Firewalls were being discussed a lot on the NTSYSADMIN list lately and I found that there was quite a bit of unknown data and confusion about the existing technologies, so here is a fast overview of what is out there in this area. And since the recent survey showed security is your headache number one, I hope this helps! We will also announce a revolutionary new security tool in the W2Knews September 11 issue. See you next weekend.

Warm regards,

Stu Sjouwerman
(email me with feedback: [email protected])



A very popular class of firewalls at the moment are so called proxy servers. What does that word mean to begin with? 'Proxy' simply means that the machine runs an application 'on behalf of' services that run on a system that is hidden behind the proxy server. It is a type of firewall that helps you to securely communicate with the Internet, which we call 'untrusted'.

Untrusted because it is a scary place out there. You would be surprised how many would-be hackers are trying to penetrate systems on an hourly basis and what holes they find.

One other type of firewall that is used a lot are essentially routers that filter packets and translate IP addresses based on a set of rules. (But they do not process the data that sits inside the packets).

Now, the three technologies in order of increasing security are:

  1. Packet Filters
  2. Circuit-level Proxies
  3. Application-level Proxies

1. Packet Filters

There are two sorts of these: static and dynamic. Static packet filters simply inspect the IP address and port number of traffic passing through the firewall and either route or drop the packet based on rules defined by you, the administrator.

Dynamic packet filtering firewalls can open and close ports 'on the fly'. They do this based on the type of initial connection request and the port numbers that the client and remote server negotiate. In this way, packets based on protocols that do not use fixed port numbers, such as the popular Remote Procedure Calls (RPC's) can be let through by opening just one port instead of a whole range of ports.

Dynamic firewalls sometimes have the latest technology built in. This is called "stateful inspection". That is a technique which uses even more intelligence in tracking the progress of a connec- tion and looking for unexpected changes of state that might indicate a hacker attack. MS Proxy Server V2.0 supports dynamic filters but not stateful inspection. The new MS ISA Server 2000 adds support for stateful inspection, but not for all protocols.

2. Circuit-level Proxies

TCP/IP uses special identifiers called 'sockets' to make sure that packets intended for a particular application are not only routed to the correct host, but are also directed to the correct application in that host. The special upgrades that were made by MS to the WinSock API (which handles TCP/IP packets in Windows) allow you can securely 'remote' a socket to a proxy server.

That allows the proxy server to perform the low-level networking functions on behalf of the client. Until the client initiates a "circuit" with the proxy, the network traffic from the client is completely hidden from the outside. A proxy server uses its own (outside) IP address to communicate via the Internet instead of the actual IP address of the client which remains hidden this way. A plus with circuit-level proxies is you can base access rules on the requester's name or group membership. A minus is that they are unsuitable for peer-to-peer protocols lime SMTP, or Voice-over-IP.

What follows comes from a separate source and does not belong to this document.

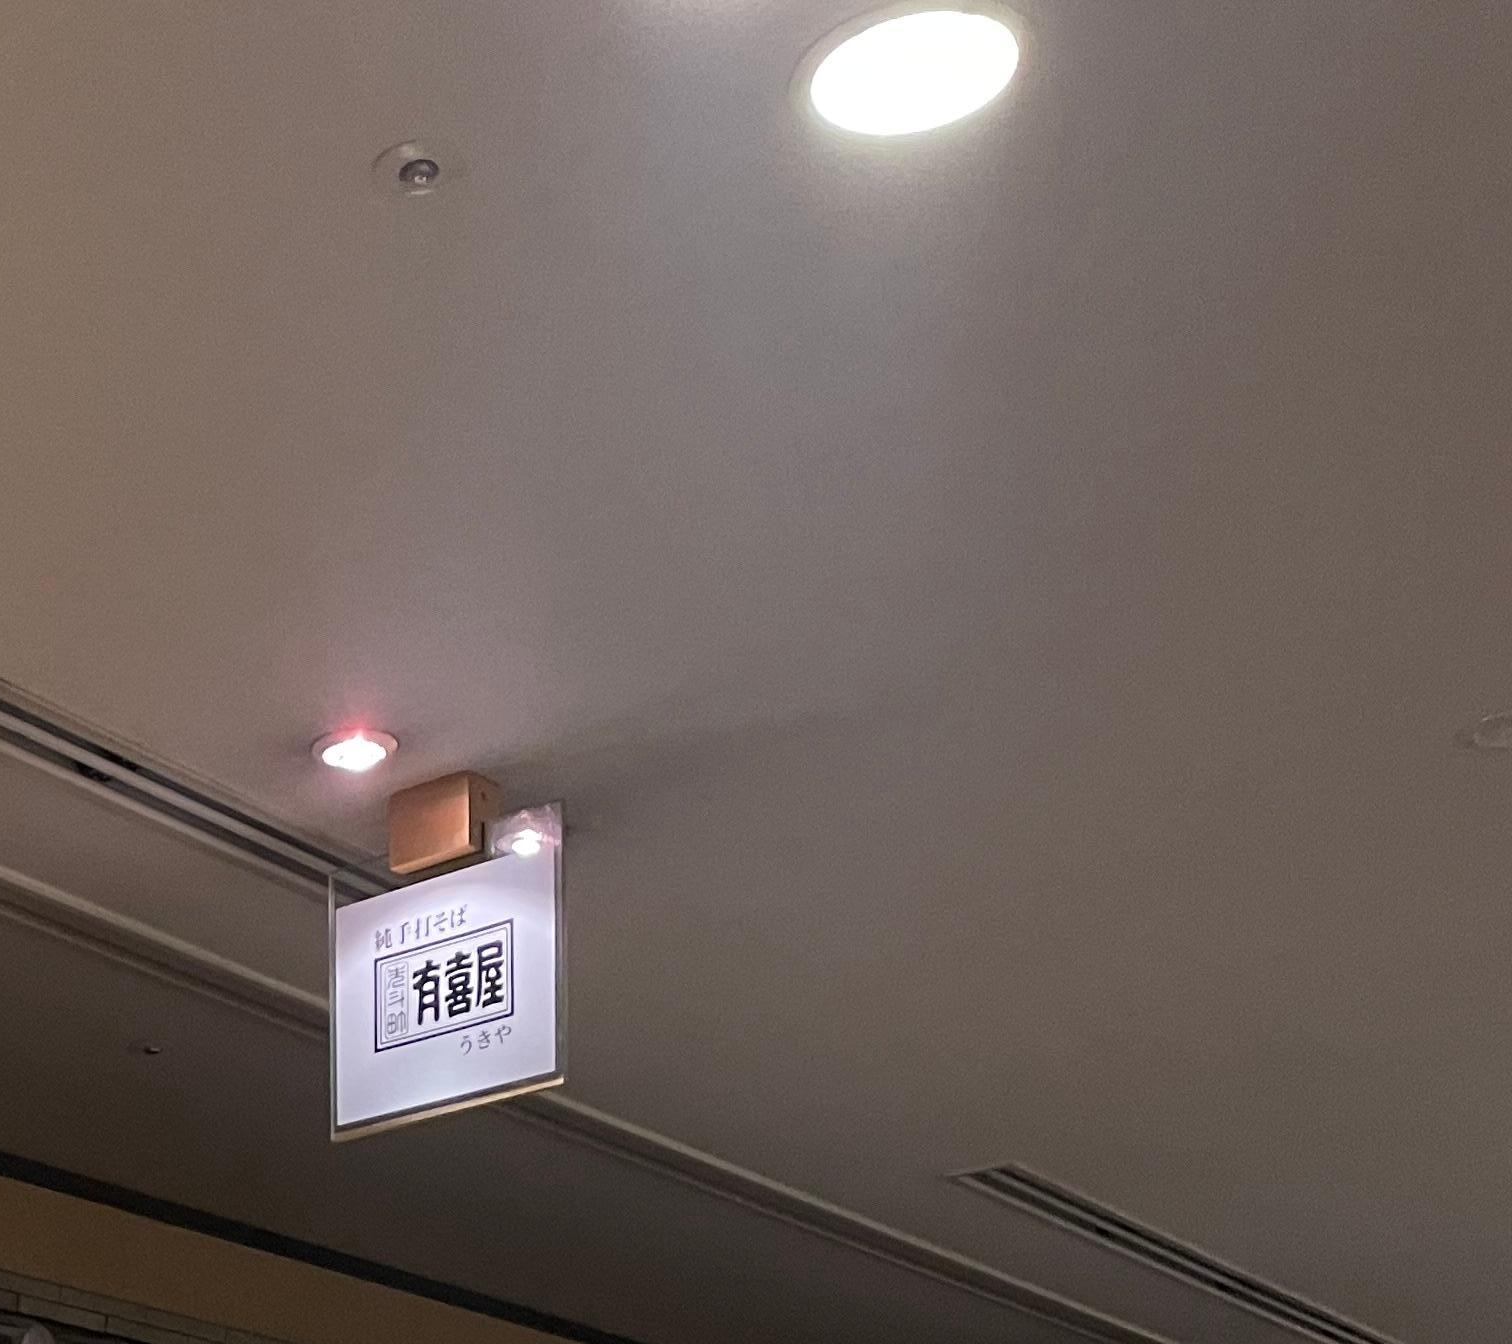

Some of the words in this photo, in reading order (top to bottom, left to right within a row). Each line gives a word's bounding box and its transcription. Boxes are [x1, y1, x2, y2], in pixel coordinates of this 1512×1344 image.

[412, 940, 505, 1026] 有喜屋
[461, 1023, 513, 1056] うきや

3. Application-level Proxies

These are generally considered to have the tightest security of the three methods. But it's expensive in resources on the proxy server. Application proxies provide separate processes for a few high-level protocols like http, https, smtp, and dns.

For instance, with http, the app-level proxy looks like the requested web server to the client, and in turn emulates the client to the web server. It intercepts the browser's requests, inspects the http content to ensure validity and then repackages the packet and sends it to the actual web server, while giving its (external) IP address as the source address. The process is reversed when the requested content comes back. MS Proxy Server V2.0 and the new MS ISA Server 2000 include application- level proxies for http, https, and ftp protocols.

Some other security features:

All firewalls can log traffic, and you can configure rules to send alerts when specific types of activity occur. But a major headache is false positives. They happen too much and drive everyone mad. When a real attack occurs it gets dis- regarded. You can normally configure the firewall so that some traffic is denied based on source or destination IP address, protocol types and in some cases on user and/or group names. Quite a few third party tools interface with both MS proxy server and ISA server to filter out various classes of Internet content.

That's all for this short intro and explanation. Hope it has clarified a bit.
Later! Stu Sjouwerman

(grateful acknowledgements to www.directionsonmicrosoft.com )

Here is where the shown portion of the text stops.